Taçi Oil is an Albanian petroleum company and oil distributor in Albania headquartered in Tirana.

The company's revenue for 2012 was €350 million. and had over 290 petrol stations through Albania and over 850 employees.

== History ==
Rezart Taçi entered the Albanian fuel market in 2003, when he established Taçi Oil, which initially operated from the port of Shëngjin in northern Albania. The company was entered in the Albanian business register on 19 June 2003 as a joint-stock company with Taçi as sole shareholder.

In 2009, Taçi Oil purchased the Albanian oil refinery ARMO (Anika Mercuria Refinery Associated Oil, owned by Anika Enterprises) for €128 million.

On September 9, 2011, Taci Oil became an official sponsor of AC Milan. Beginning in 2008, in fact, Taci Oil was the main sponsor of Milan Junior Camp in Tirana. Since its founding, the camp has hosted about 1,400 Albanian youths.

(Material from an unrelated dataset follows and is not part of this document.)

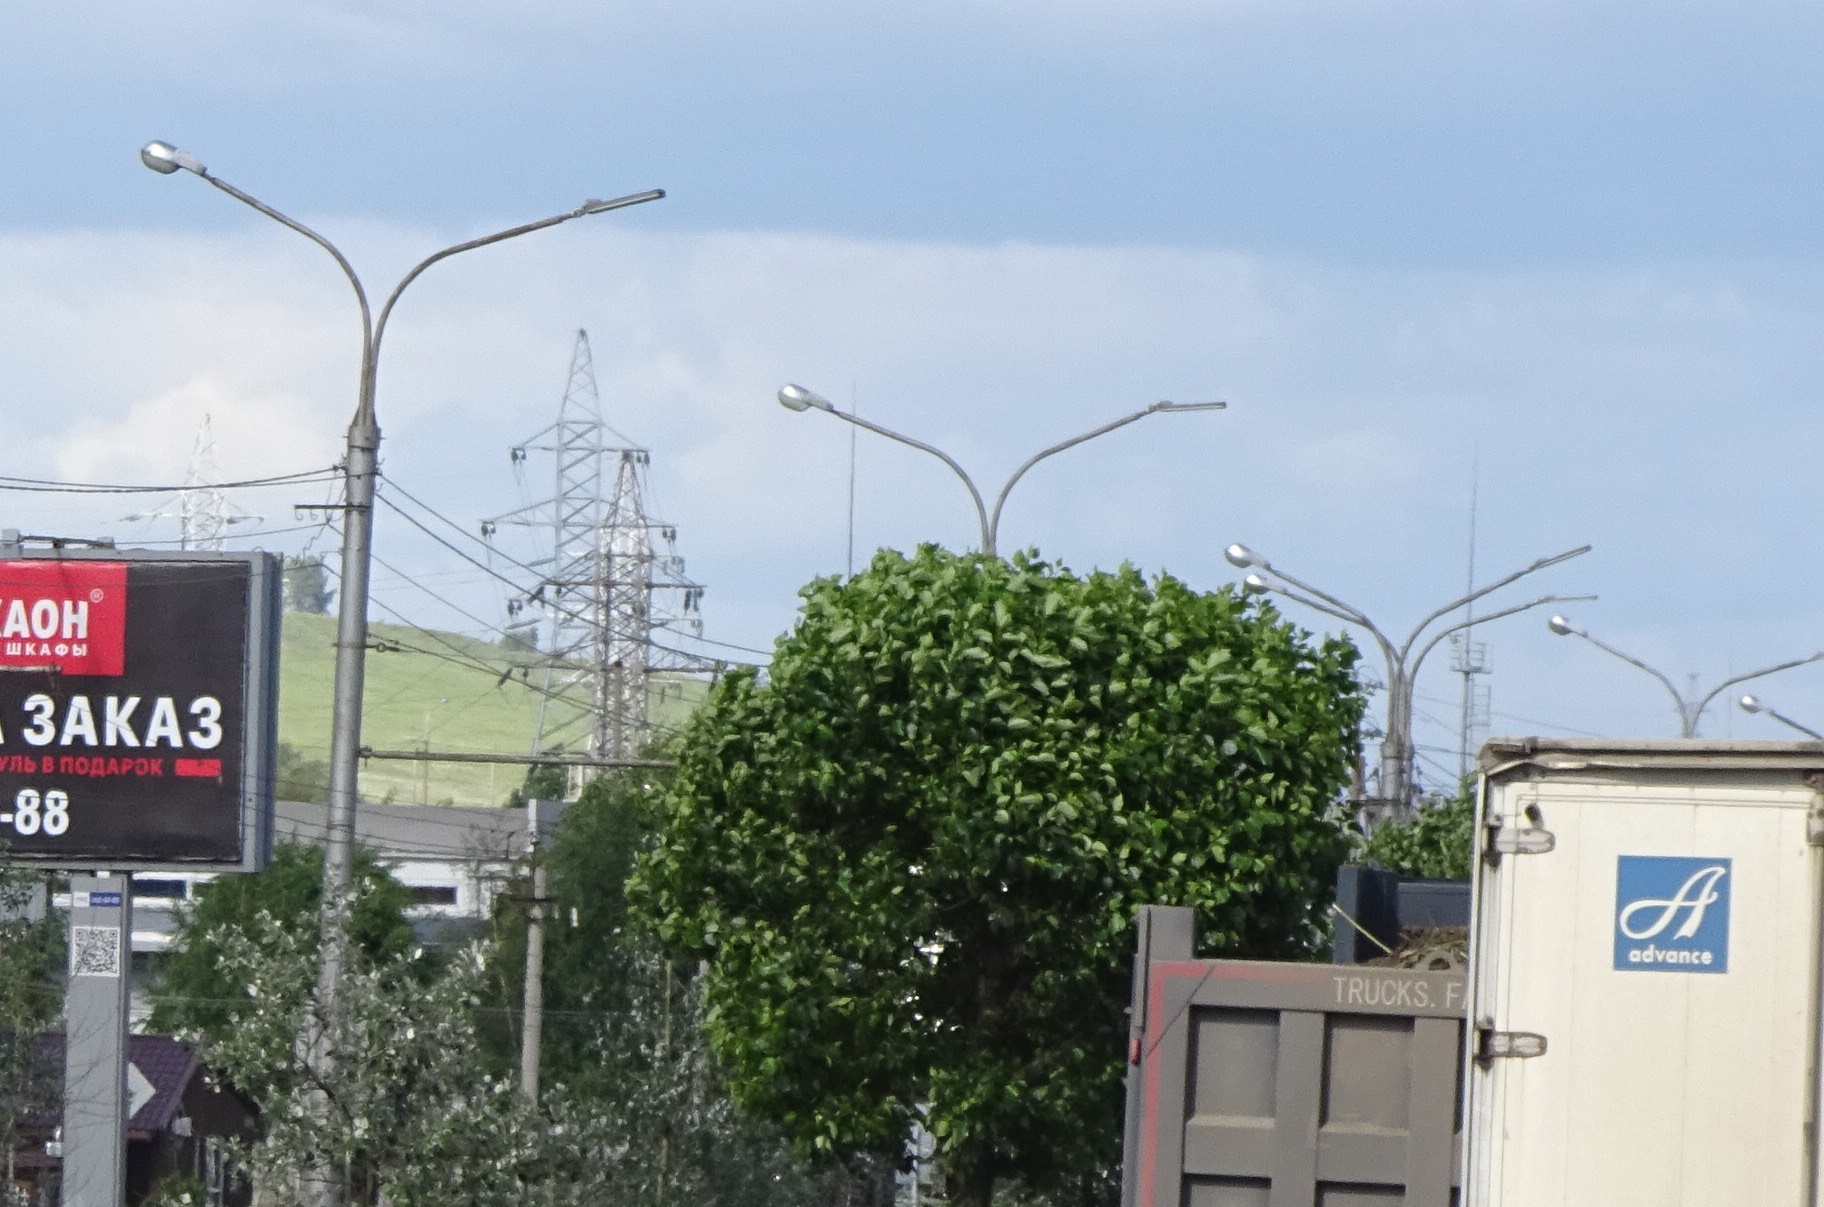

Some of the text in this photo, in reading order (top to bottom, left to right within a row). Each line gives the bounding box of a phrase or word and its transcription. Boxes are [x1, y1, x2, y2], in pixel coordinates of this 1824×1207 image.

By 2013 the group was heavily indebted, including an unpaid loan of €75 million from the Bank of Azerbaijan. In August 2013 the Albanian government approved the sale of 70 per cent of ARMO to Heaney Assets Corporation, an Azerbaijani-linked company registered in the British Virgin Islands. Heaney paid €35 million for Taçi's stake in AMRA Oil and almost €15 million for minority stakes in several other companies he controlled, among them Europetrol, Taçi Oil and Kuid. Company register documents recorded the transfer of an 80 per cent stake in ARMO, with the Ministry of Economy and Energy retaining 15 per cent.

The Prosecution Office of Tirana later charged Taçi, as former administrator of ARMO, with non-payment of taxes amounting to one billion lek over the period 2009 to 2013, stating that while ARMO claimed to be insolvent he had lent money from the refinery to Taçi Oil and withdrawn cash for his own purposes. Separately, in December 2013 the Directorate of Economic and Financial Crime filed charges of tax evasion, fraud, forgery of official documents, undeclared income and money laundering. He was convicted in December 2016 and fined €390,000, then acquitted on appeal in September 2017 and again in October 2019. ARMO's accumulated debts reached $595 million by 2016, and the Ballsh refinery was sold for scrap in 2021.